YP Rajesh
BANGALORE: Every time shares of Infosys Technologies Ltd. go up in the
market, Ramesh Basappa feels depressed. He is not competing with the Indian
software leader. He is one of those who missed making millions on it. There are
dozens like him in Bangalore, India's technology capital, who rue the day they
mistook riches for ruin.
When Infosys went public in 1993, it offered the engineer and his colleagues
500 shares each at a preferential price of Rs 80 ($1.75) per share. The share
price closed at Rs 7,826.10 on Wednesday.
Basappa, who works for a state-run company, did not buy the Infosys story
when it went public. India's stock markets were then just recovering from a
securities scandal that ruined many.
"At current share prices, the investment of Rs 40,000 would have
multiplied to Rs 64 million if you account for three bonus issues and one
stock-split," Basappa says. He quickly ends the conversation: "Okay,
let's not talk about it any more and ruin my day."
Infosys last year became the first Indian company to be quoted on the Nasdaq.
Its chairman, N R Narayana Murthy, is known for his simple lifestyle,
no-nonsense talking and the dozens of millionaires he has spawned.
Infosys' revenues have grown at an annual clip of 85 per cent since 1994,
when it began seeing the heady fruits of a small business begun in 1981, when
India's economy was in socialist shackles, and the software industry a global
toddler.
Share prices have far outpaced revenue growth. Offered at an IPO price of Rs
95 per share to the public and Rs 80 to preferred investors, the value has
multiplied between 85 and 100 times in seven years.
Stories, many of them unconfirmed, abound of the difficulty Infosys' founders
faced to sell their IPO.
It seems an Infosys official flew to Mumbai to get a friend's signature on an
application for 1,000 shares.

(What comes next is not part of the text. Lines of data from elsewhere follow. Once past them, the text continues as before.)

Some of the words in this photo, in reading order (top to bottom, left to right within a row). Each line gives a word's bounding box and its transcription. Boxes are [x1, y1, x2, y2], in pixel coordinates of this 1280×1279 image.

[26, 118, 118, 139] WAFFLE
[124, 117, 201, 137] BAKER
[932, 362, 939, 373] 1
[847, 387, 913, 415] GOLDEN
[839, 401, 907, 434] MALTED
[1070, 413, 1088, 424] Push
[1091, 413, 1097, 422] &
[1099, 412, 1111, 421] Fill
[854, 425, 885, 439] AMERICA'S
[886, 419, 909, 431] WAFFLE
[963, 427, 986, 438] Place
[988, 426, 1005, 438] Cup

He refused.
Things have come a long way. There are stories now of some buying one Infosys
share as a birthday gifts for their wives.

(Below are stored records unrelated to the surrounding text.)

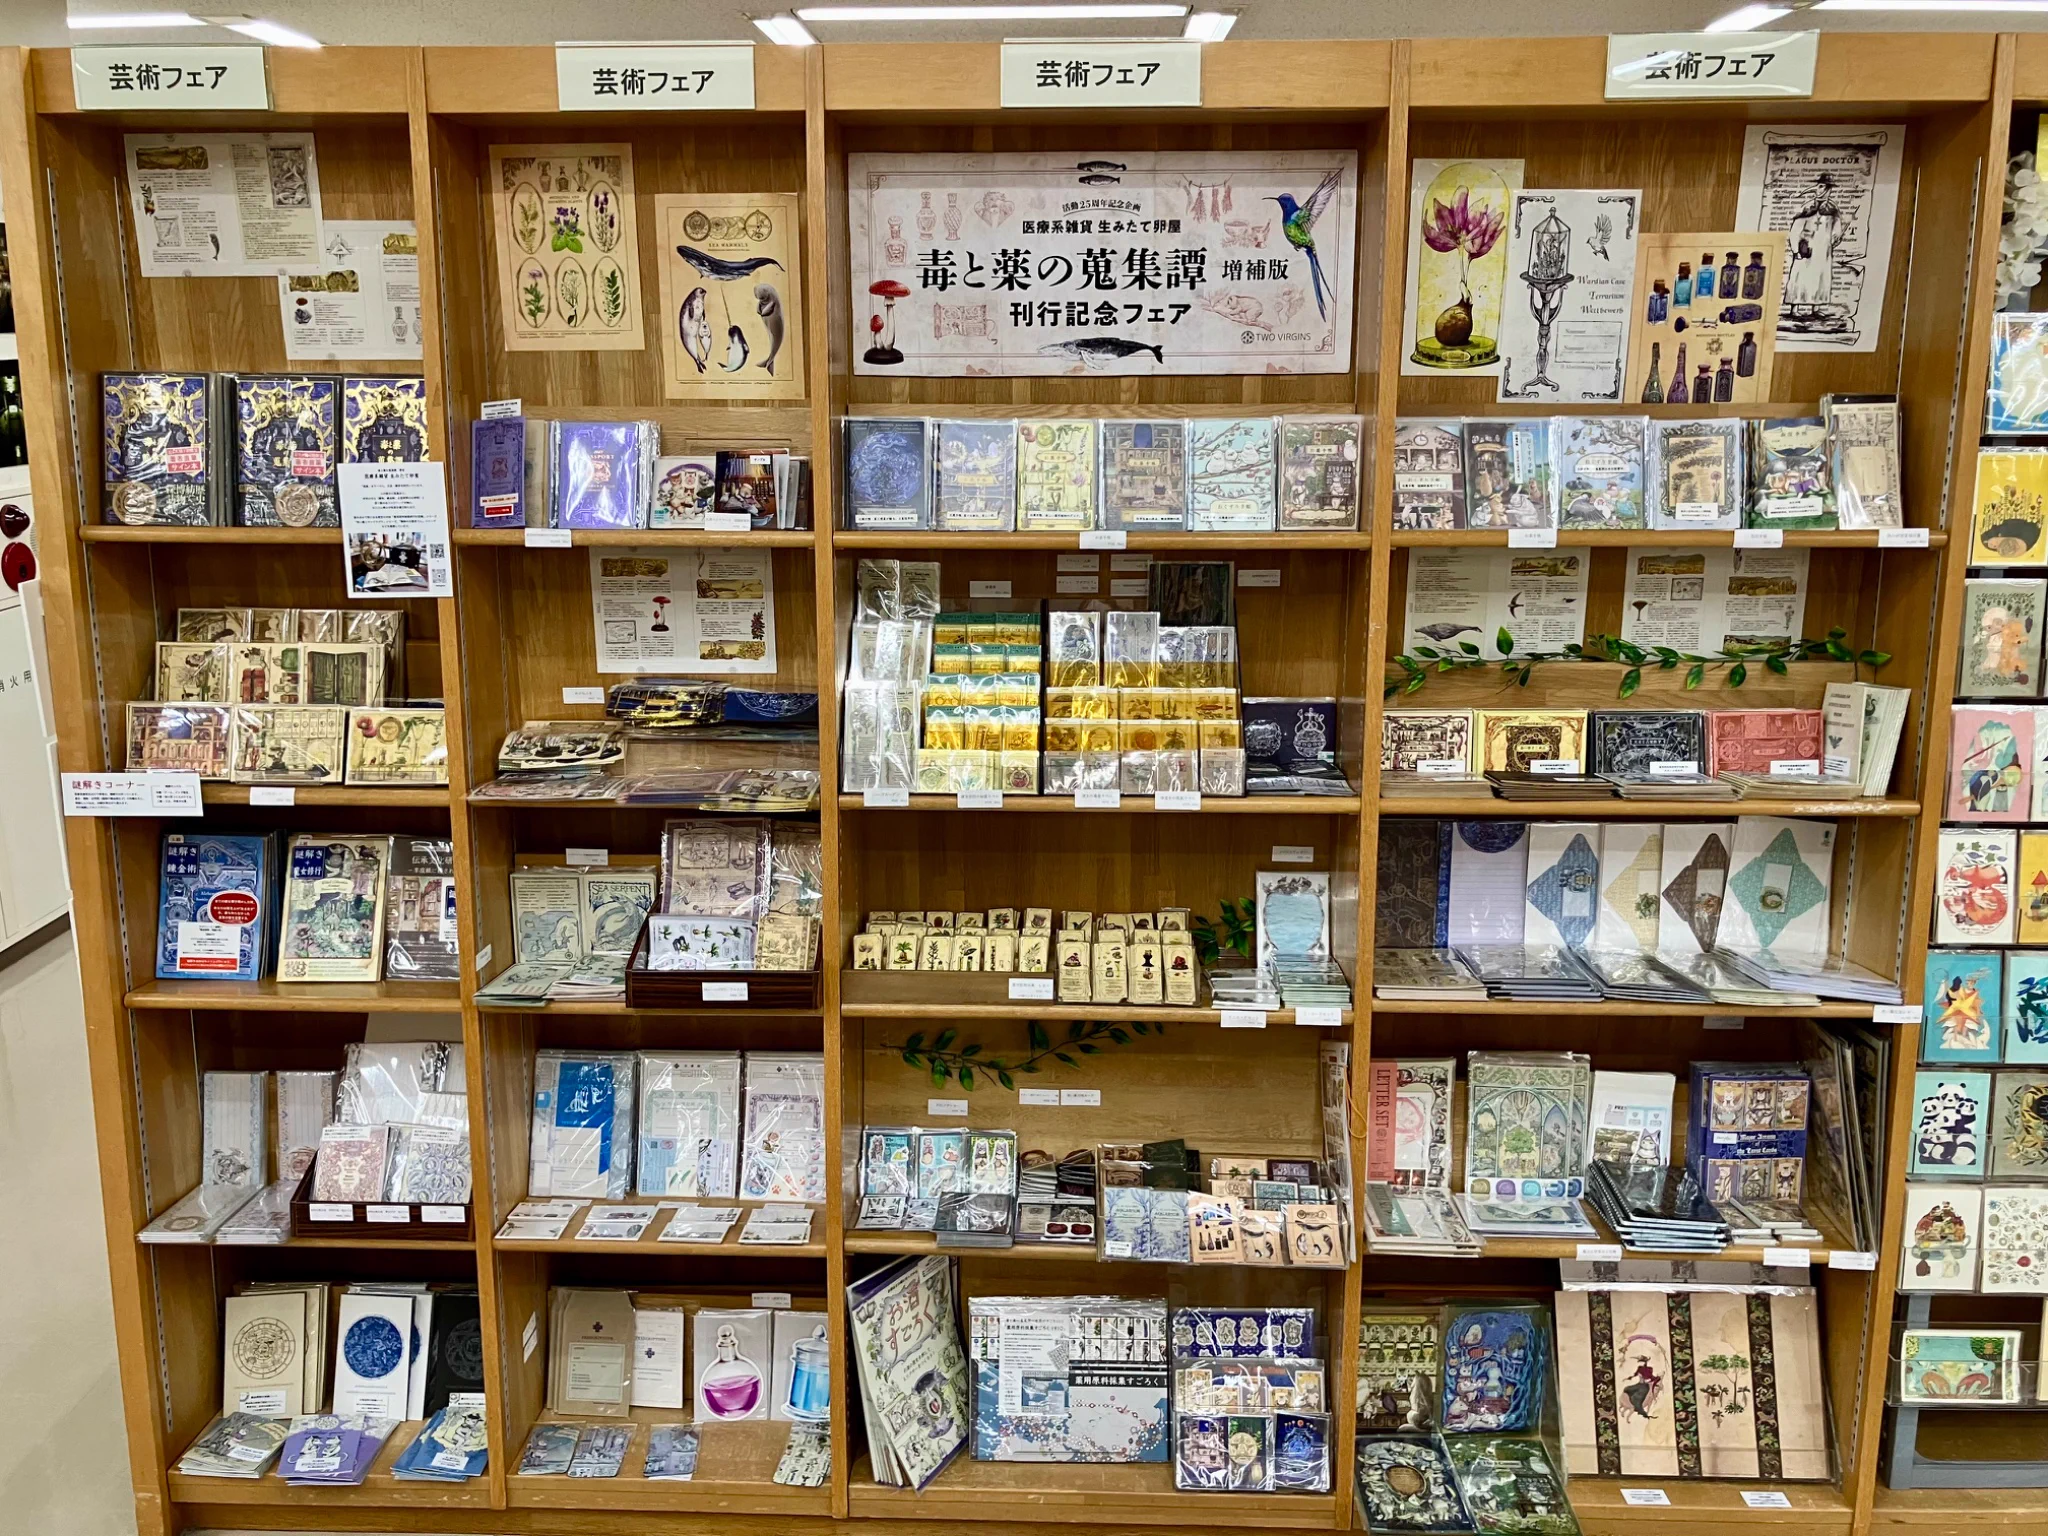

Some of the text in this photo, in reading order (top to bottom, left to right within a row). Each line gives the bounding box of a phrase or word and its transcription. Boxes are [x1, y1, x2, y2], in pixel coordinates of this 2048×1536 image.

[1645, 50, 1776, 81] 芸術フェア
[108, 63, 228, 91] 芸術フェア
[593, 68, 715, 95] 芸術フェア
[1036, 60, 1161, 88] 芸術フェア
[1822, 157, 1860, 165] DOCTOR
[1062, 199, 1141, 213] 活動25周年記念企画
[1022, 219, 1182, 235] 医療系雑貨 生みたて卵屋
[915, 247, 1289, 292] 毒と薬の蒐集譚 増補版
[1010, 301, 1192, 328] 刊行記念フェア
[1255, 331, 1311, 342] TWO VIRGINS
[72, 780, 145, 790] 謎解きコーナー
[168, 846, 197, 857] 謎解き
[295, 849, 323, 859] 謎解き
[167, 863, 197, 874] 錬金術
[592, 884, 649, 895] SEA SERPENT
[1376, 1069, 1391, 1107] LETTER
[1376, 1109, 1389, 1128] SET
[1075, 1375, 1160, 1387] 薬用原料採集すごろく

R Sridhar, a top gun in advertising who helped the Infosys IPO, is now richer
- and smug - with the preferential shares he got. "There are two kinds of
investors in Bangalore," he says. "Those who bought the Infosys story
and those who didn't."
"Investors had very little understanding of technology companies or
their future," an analyst told Reuters. Infosys went public within months
of India abolishing a tough Finance Ministry office that fixed IPO prices and
controlled share issues.
"People were not sure if the values sought by companies were worth their
money," the analyst said. "And then, we had just recovered from the
securities scam... "So now it's one of those things that might have
been."
(C) Reuters Limited 2000.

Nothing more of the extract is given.